Joining the Pity-fest:
MErider
Spingineer + 1 (??)
Ronjon +1
Road Fix
Indolent58
Grumpy Pig
Go_Fast (mehbee)
Bitingduck (mehbee)
Magicant
Happytime
Mkadam
Jsigone
Chucklehead
Mr. Beanz (if he doesn't win the lottery + possible buddy)
Inked in Pink
NYGirl777
TCR
GreggK
Davesanyyz
TBrown
Cole 505
Nacy333


----------



## magicant (Apr 22, 2006)

I am The Edge said:


> innie.


Damn, maybe I should reconsider... you know how I hate competition.


----------



## roadfix (Jun 20, 2006)

I'm still in!
So is anyone else from Roadbikereview.com doing this ride? You guys need to represent!


----------



## roadfix (Jun 20, 2006)

magicant said:


> Where are you planning on posing? At the Lodge?


Yes, while waiting for some of the riders riding all the way up to the lifts. I'll be posing with a few others at the lodge over some potato skins and coffee.


----------



## Evoracer (May 30, 2006)

What kind of grade percentages are we talking?


----------



## roadfix (Jun 20, 2006)

Evoracer said:


> What kind of grade percentages are we talking?

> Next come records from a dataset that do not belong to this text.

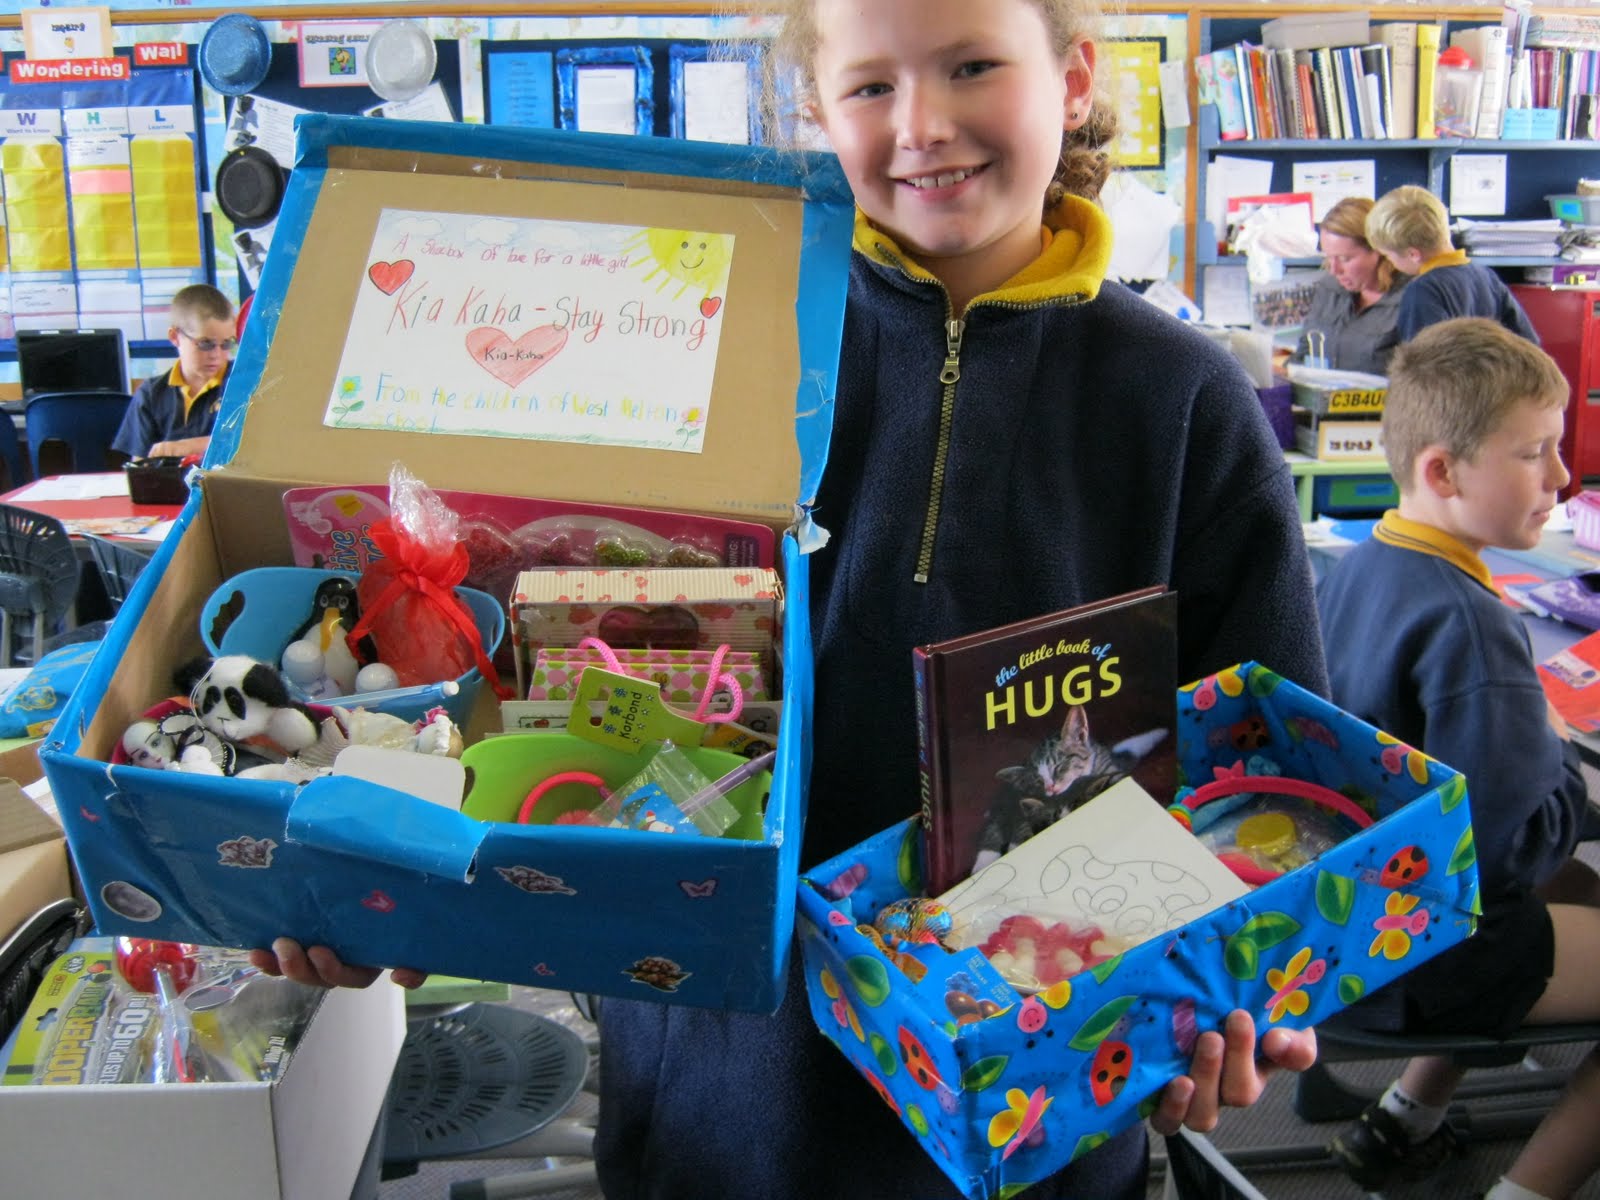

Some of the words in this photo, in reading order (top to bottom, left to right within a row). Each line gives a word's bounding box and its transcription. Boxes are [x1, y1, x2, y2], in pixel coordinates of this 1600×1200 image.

[17, 61, 124, 78] Wondering
[140, 43, 183, 61] Wall
[17, 112, 36, 125] W
[87, 111, 100, 125] H
[155, 109, 166, 122] L
[392, 232, 410, 253] A
[506, 248, 528, 263] love
[580, 253, 605, 266] little
[608, 255, 629, 274] girl
[386, 279, 445, 336] Kia
[454, 286, 521, 326] Kaha
[552, 296, 604, 343] Stay
[618, 300, 708, 351] Strong
[432, 384, 457, 408] the
[464, 389, 539, 412] children
[550, 391, 570, 413] of
[573, 393, 609, 417] West
[995, 665, 1019, 687] the
[1019, 644, 1054, 670] little
[1055, 638, 1091, 656] book
[1091, 643, 1112, 661] of
[985, 656, 1122, 731] HUGS
[619, 691, 643, 739] Korbond
[920, 770, 932, 832] HUGS
[112, 1008, 151, 1040] 60

Nothing too steep, 5 to 8% up to Baldy Village. From Baldy Village some will continue to climb the extra 4+ miles up to the ski lifts area which is extremely steep. The majority of us will not ride up to the lifts.


----------



## Evoracer (May 30, 2006)

Thanks George, I tend to blowup pretty fast on long stretches of 12% or greater. I'd like to join you BF crazies at some point on a ride.


----------



## JM714 (Jan 22, 2004)

I rode GMR from Sierra Madre last night to the top and it was open. The gate is still closed, but the work seems to have stopped and the equipment is gone from where they were repairing the wash out.


----------



## roadfix (Jun 20, 2006)

I rode up GMR just to the top last Sat. Fresh stripes, the road is ready for opening any day soon, seems like....


----------



## roadfix (Jun 20, 2006)

Wow! What a ride! I think we had over 30 people show up for the ride. Lots of climbing.....over 5,000 ft in about 30 miles to Baldy Village.....and then back down GMR. There was virtually no traffic at all.
We had both Roadbikereview and Bikeforum members show up for this ride. Very cool...


----------



## I am The Edge (Jul 27, 2004)

i had an outstanding time!

i'm so tired i can't relax and sleep though....maybe i need more beer.

good riding with you roadfix, as always.


----------